Task description
From the first line to the last, repeat the data exactly and drop the pictures.

━━━ Supplied records

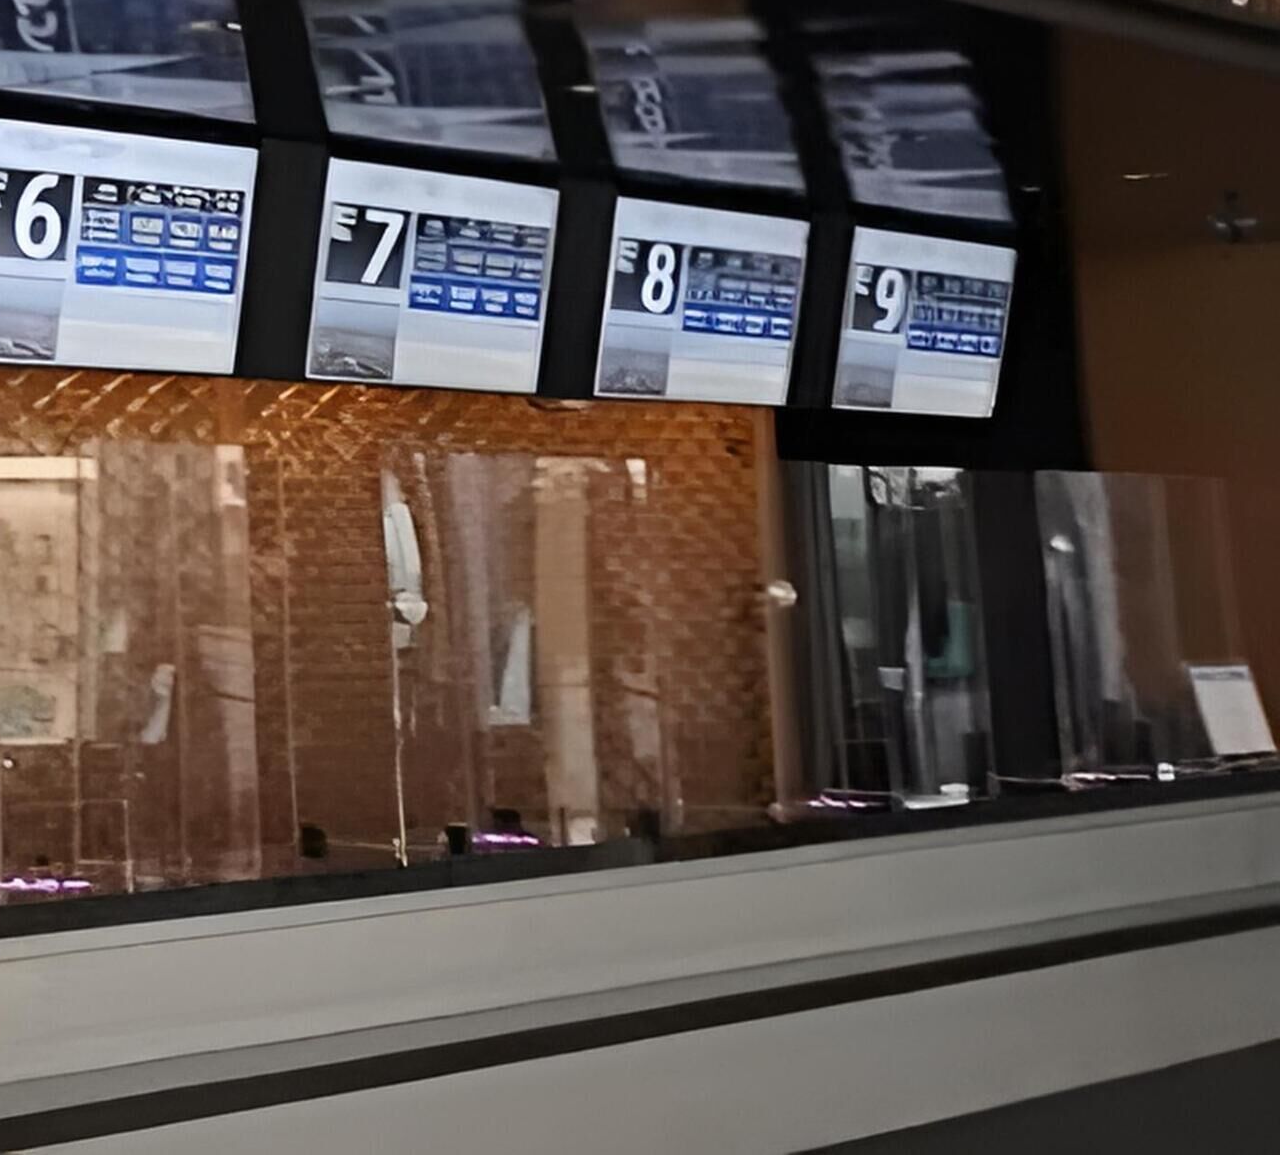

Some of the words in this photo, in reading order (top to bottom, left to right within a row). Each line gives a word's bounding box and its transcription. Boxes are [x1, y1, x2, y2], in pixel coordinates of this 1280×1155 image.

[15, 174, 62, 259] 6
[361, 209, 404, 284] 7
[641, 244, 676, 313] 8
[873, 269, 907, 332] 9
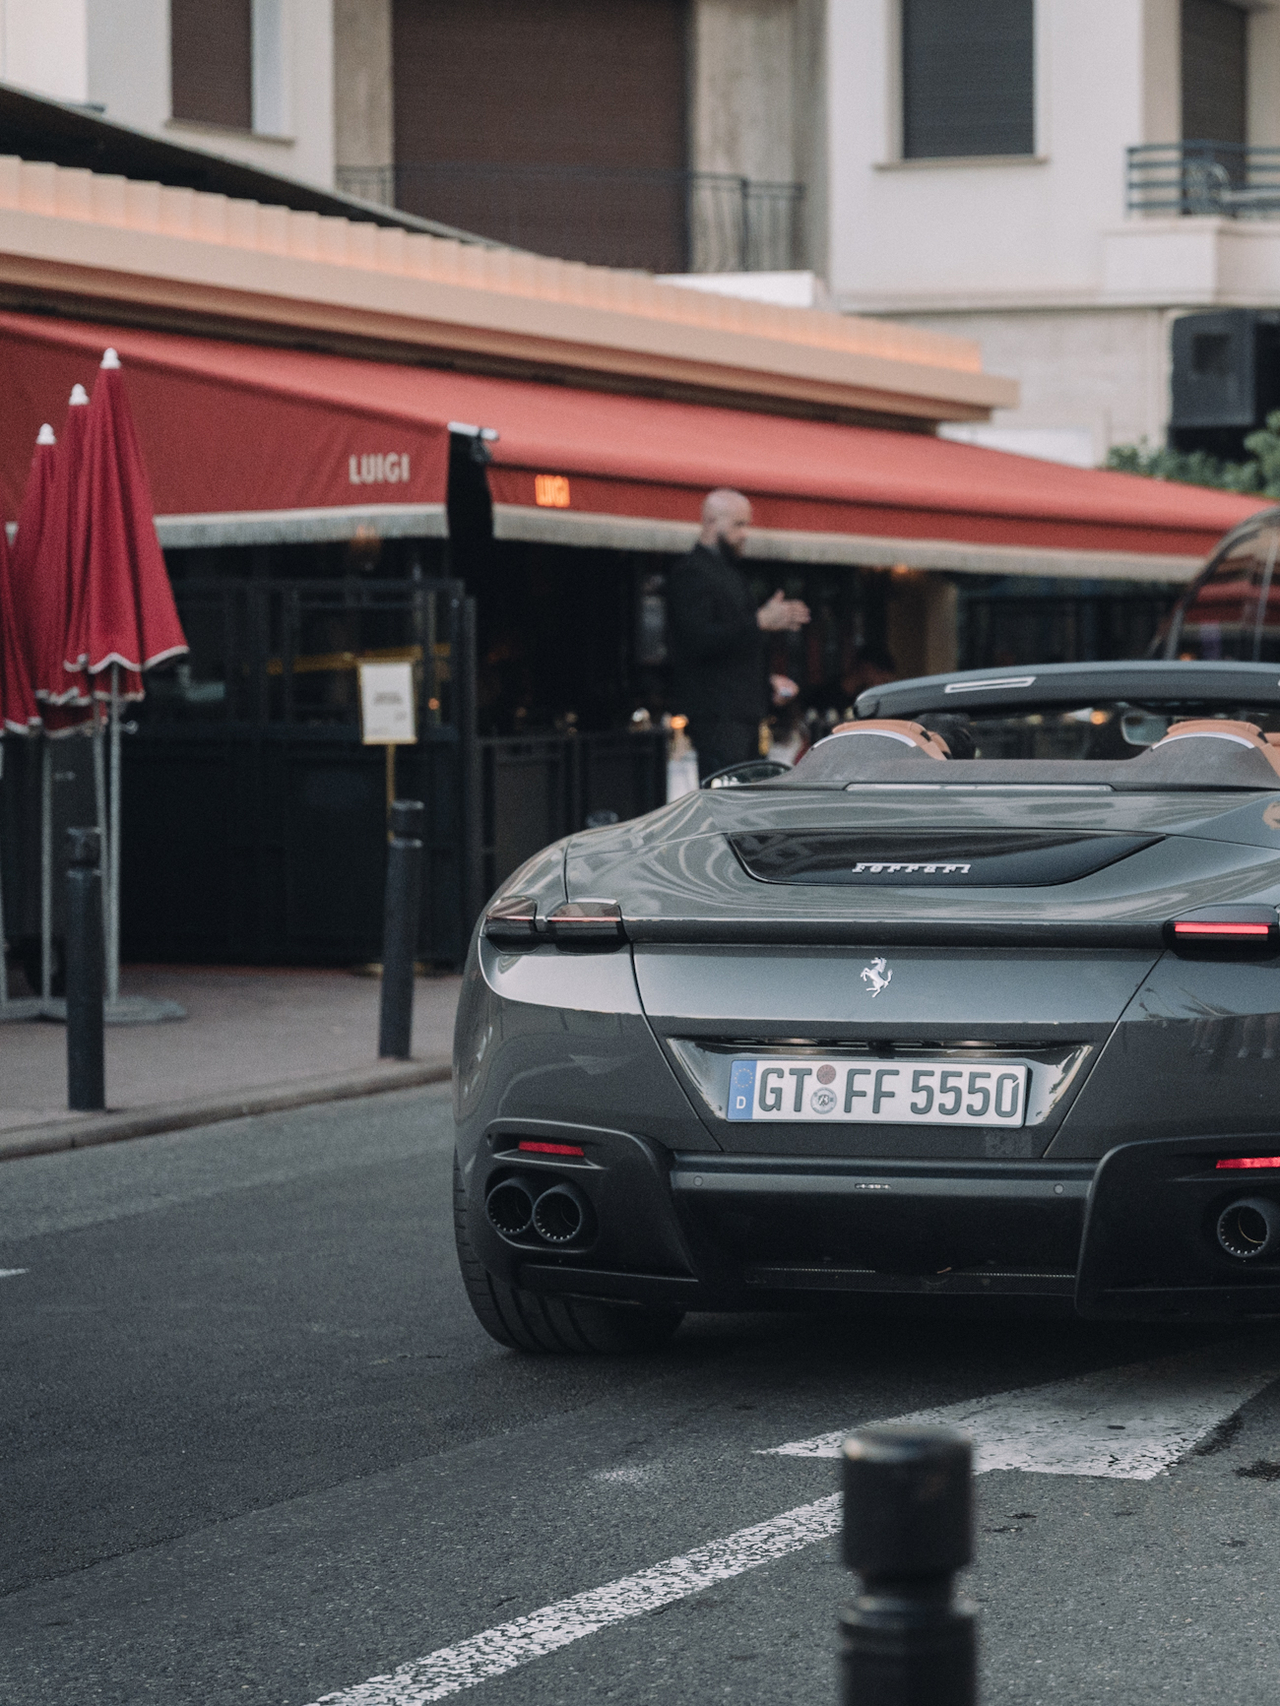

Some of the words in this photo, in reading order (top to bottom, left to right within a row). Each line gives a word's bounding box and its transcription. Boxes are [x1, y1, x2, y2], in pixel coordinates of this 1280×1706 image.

━━━━━━

Solution to the exercise
Some of the words in this photo, in reading order (top to bottom, left to right within a row). Each line gives a word's bounding box and its transcription. Boxes are [x1, y1, x2, y2], in pixel coordinates of this 1280×1155 image.

[15, 174, 62, 259] 6
[361, 209, 404, 284] 7
[641, 244, 676, 313] 8
[873, 269, 907, 332] 9

Some of the words in this photo, in reading order (top to bottom, left to right within a row). Each line gives a word's bounding box and its transcription. Boxes are [x1, y1, x2, y2], in pixel coordinates of this 1280×1706 image.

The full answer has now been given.